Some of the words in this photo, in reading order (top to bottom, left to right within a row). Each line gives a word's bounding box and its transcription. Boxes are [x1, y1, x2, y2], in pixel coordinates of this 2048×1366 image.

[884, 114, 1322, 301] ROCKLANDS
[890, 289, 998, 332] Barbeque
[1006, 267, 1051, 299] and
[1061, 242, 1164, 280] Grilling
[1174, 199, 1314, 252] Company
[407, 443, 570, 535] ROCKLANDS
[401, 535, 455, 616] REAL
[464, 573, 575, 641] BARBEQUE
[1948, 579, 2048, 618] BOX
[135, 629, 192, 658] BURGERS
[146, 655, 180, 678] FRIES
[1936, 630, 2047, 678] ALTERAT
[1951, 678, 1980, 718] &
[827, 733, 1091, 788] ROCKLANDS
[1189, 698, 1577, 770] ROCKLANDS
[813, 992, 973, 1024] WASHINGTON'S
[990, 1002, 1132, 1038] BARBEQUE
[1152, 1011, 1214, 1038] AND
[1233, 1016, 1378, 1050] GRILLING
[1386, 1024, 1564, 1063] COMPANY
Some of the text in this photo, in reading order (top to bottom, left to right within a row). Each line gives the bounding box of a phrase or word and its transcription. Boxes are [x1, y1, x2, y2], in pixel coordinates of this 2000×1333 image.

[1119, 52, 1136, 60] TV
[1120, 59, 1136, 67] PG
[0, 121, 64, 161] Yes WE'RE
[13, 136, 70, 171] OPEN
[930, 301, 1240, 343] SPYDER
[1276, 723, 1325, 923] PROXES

[PROBLEM STATEMENT]: Print each line above exactly as it stands.

[OUTPUT FOR THIS EXERCISE]:
Some of the words in this photo, in reading order (top to bottom, left to right within a row). Each line gives a word's bounding box and its transcription. Boxes are [x1, y1, x2, y2], in pixel coordinates of this 2048×1366 image.

[884, 114, 1322, 301] ROCKLANDS
[890, 289, 998, 332] Barbeque
[1006, 267, 1051, 299] and
[1061, 242, 1164, 280] Grilling
[1174, 199, 1314, 252] Company
[407, 443, 570, 535] ROCKLANDS
[401, 535, 455, 616] REAL
[464, 573, 575, 641] BARBEQUE
[1948, 579, 2048, 618] BOX
[135, 629, 192, 658] BURGERS
[146, 655, 180, 678] FRIES
[1936, 630, 2047, 678] ALTERAT
[1951, 678, 1980, 718] &
[827, 733, 1091, 788] ROCKLANDS
[1189, 698, 1577, 770] ROCKLANDS
[813, 992, 973, 1024] WASHINGTON'S
[990, 1002, 1132, 1038] BARBEQUE
[1152, 1011, 1214, 1038] AND
[1233, 1016, 1378, 1050] GRILLING
[1386, 1024, 1564, 1063] COMPANY
Some of the text in this photo, in reading order (top to bottom, left to right within a row). Each line gives the bounding box of a phrase or word and its transcription. Boxes are [x1, y1, x2, y2], in pixel coordinates of this 2000×1333 image.

[1119, 52, 1136, 60] TV
[1120, 59, 1136, 67] PG
[0, 121, 64, 161] Yes WE'RE
[13, 136, 70, 171] OPEN
[930, 301, 1240, 343] SPYDER
[1276, 723, 1325, 923] PROXES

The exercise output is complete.